For Lexi Robinson, a psychology major and lacrosse player for Moravian, her first year was “a bit odd.” Before her first semester, Lexi said she was excited to make and hang out with new friends. This was difficult, however, due to the mandatory masking across campus. 

The masks also made it difficult for her to play lacrosse, but she has started to get used to wearing them, so much so that she could be at home and still instinctively put on a mask to go in her backyard. 

Moving from a classroom to a virtual setting via Zoom has been a difficult experience for students and professors alike. Lexi, who considers herself a hands-on learner, said that online classes are more difficult and that she’d prefer class in-person. 

When things return to “normal” and COVID-19 is a thing of the past, Lexi most looks forward to hanging out with her friends and playing sports without the mask. 

“Honestly, thinking about going to college during COVID was a lot more stressful than actually going to college during COVID.” Lexi said. “You get used to the COVID rules and regulations very fast. Yes, it can all be annoying, but these rules are in place to protect the pack!” 

Lea Mazzacano, a nursing major who chose Moravian based on its reputation, said her college career thus far has been out of the ordinary, but she emphasizes seeing the bright side. 

One of the biggest challenges for her, similar to Lexi Robinson’s, was meeting people and forming friendships. Lea has circumvented this by meeting students via social media. 

With regards to online class, Lea struggled with balancing workload and finding time to decompress. She learned that going outside, working in another academic building instead of her dorm, and going to the gym has helped her through this difficult time. 

When COVID-19 is over, Lea looks forward to participating in campus activities, attending in-person classes, and being able to interact with fellow students without the social distancing mandates. 

“Break up your assignments and add balance to your day,” Lea said. “It’s so easy to get overwhelmed with work especially in the midst of a pandemic. Buying a planner and doing assignments in parts has helped tremendously.

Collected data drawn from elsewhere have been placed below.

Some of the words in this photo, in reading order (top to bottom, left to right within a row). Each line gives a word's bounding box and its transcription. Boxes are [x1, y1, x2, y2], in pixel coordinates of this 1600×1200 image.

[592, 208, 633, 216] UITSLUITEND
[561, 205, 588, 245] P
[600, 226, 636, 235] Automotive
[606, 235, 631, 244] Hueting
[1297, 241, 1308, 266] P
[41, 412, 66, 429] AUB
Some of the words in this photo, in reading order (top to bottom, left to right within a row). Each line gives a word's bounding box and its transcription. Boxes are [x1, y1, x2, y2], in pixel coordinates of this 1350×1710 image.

Also, find what gives you peace of mind.” 

Anthony Sparrow, a business management major who chose Moravian in part due to his family alumni’s recommendation, was also met with a harsh reality when coming to campus during COVID. 

All of my life, the allure of college and gathering with friends, old and new, excited me to finally transition to a college student.” Anthony said. “Large lecture halls, in and out of other dorm rooms, meeting new people from all around, essentially new experiences. In hindsight, those viewpoints differed greatly to what I actually experienced. Zooms, isolation, being sent home early, and masks never crossed my mind when I thought of college in my junior and senior year of high school.” 

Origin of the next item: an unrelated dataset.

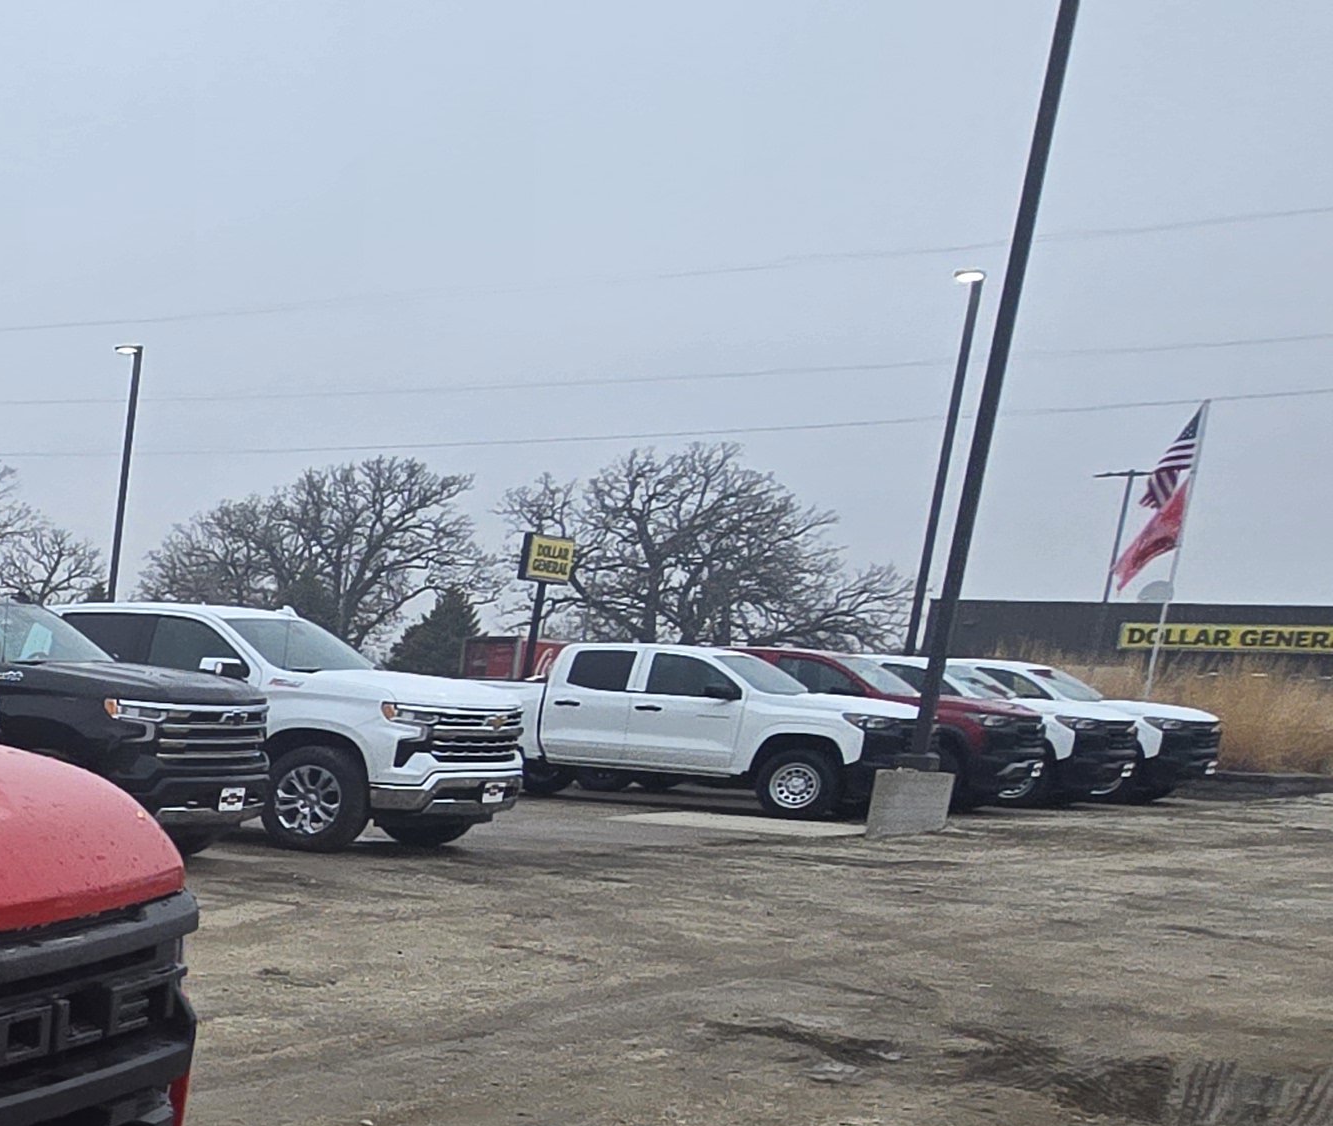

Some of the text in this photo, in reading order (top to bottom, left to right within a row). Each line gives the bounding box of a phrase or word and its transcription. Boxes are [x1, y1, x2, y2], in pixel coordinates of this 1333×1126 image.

[537, 544, 569, 560] DOLLAR
[1127, 628, 1333, 648] DOLLAR GENER
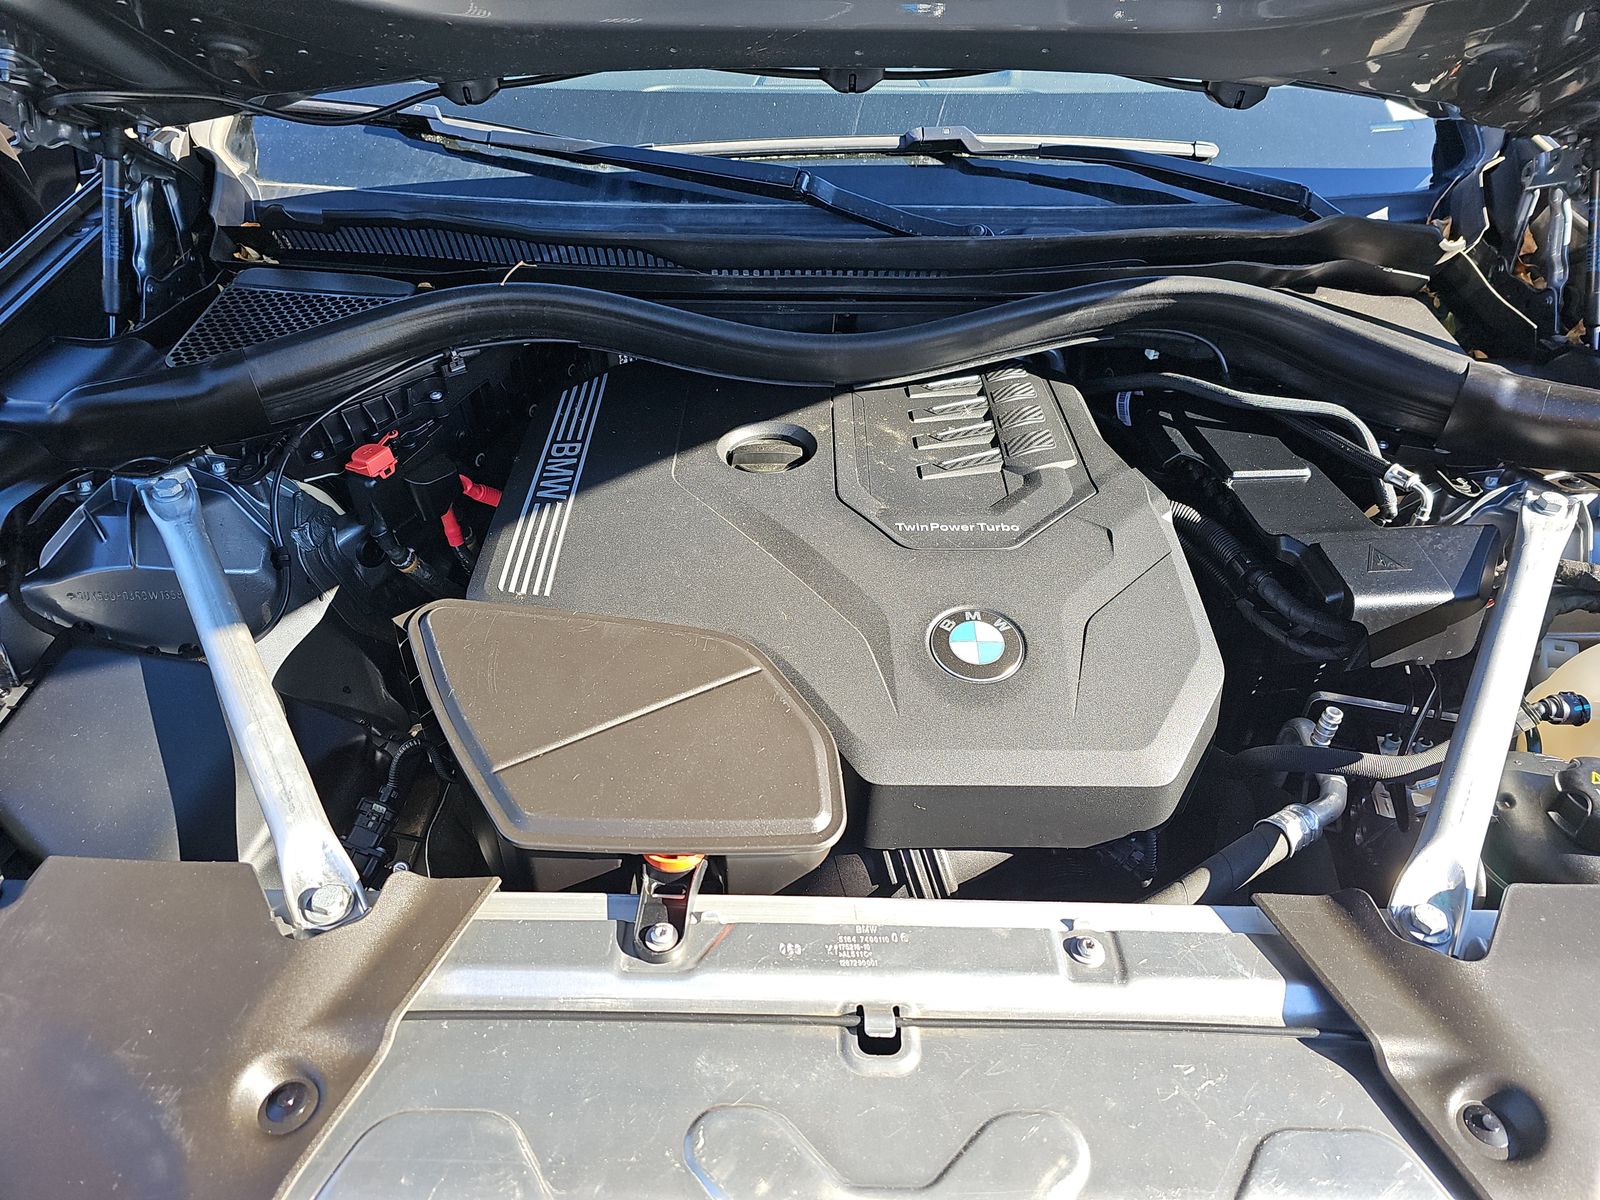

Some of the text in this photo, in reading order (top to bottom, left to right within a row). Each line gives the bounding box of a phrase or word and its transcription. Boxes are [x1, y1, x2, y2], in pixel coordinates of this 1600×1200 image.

Anthony said how difficult it was to focus during online classes. He considers himself a visual learner and learns best during an in-person lecture rather than online. Despite how mentally draining the online classes are for him, Anthony still does the best he can and participates often in class. 

Like other students, Anthony is most looking forward to social interactions and events when COVID is over. He says that there is always a “sense of quietness” on campus nowadays. 

When asked about how instructors could facilitate the learning process in this unusual time, Anthony said he’d encourage professors to engage with students as much as possible and try to avoid 70 minutes of lecturing. Group work and breakout rooms are two suggestions he gave for keeping the class’s attention. 

Anthony’s suggestion for future freshmen coming to Moravian is to stay positive. “There is always something good to take out of the bad, and vice versa,” he said. “Whatever the circumstances may be, it is still college and it is out of your control, but it is your responsibility to keep yourself and others safe, and ensure that the campus stays open for all of us! These are some of the best times of their lives, so making the most out of it is all they can do.”

Attending college during a worldwide pandemic has been a time of uncertainty and fear. 

First-year students could have very easily chosen to wait out the storm and attend college after everything cleared up instead of risking their health and safety. But they did not. 

Instead, they chose to press on and make the best of an unfavorable situation. And that is what we all must keep doing. Even in the face of a global pandemic, keep persisting, stay strong, and stay safe.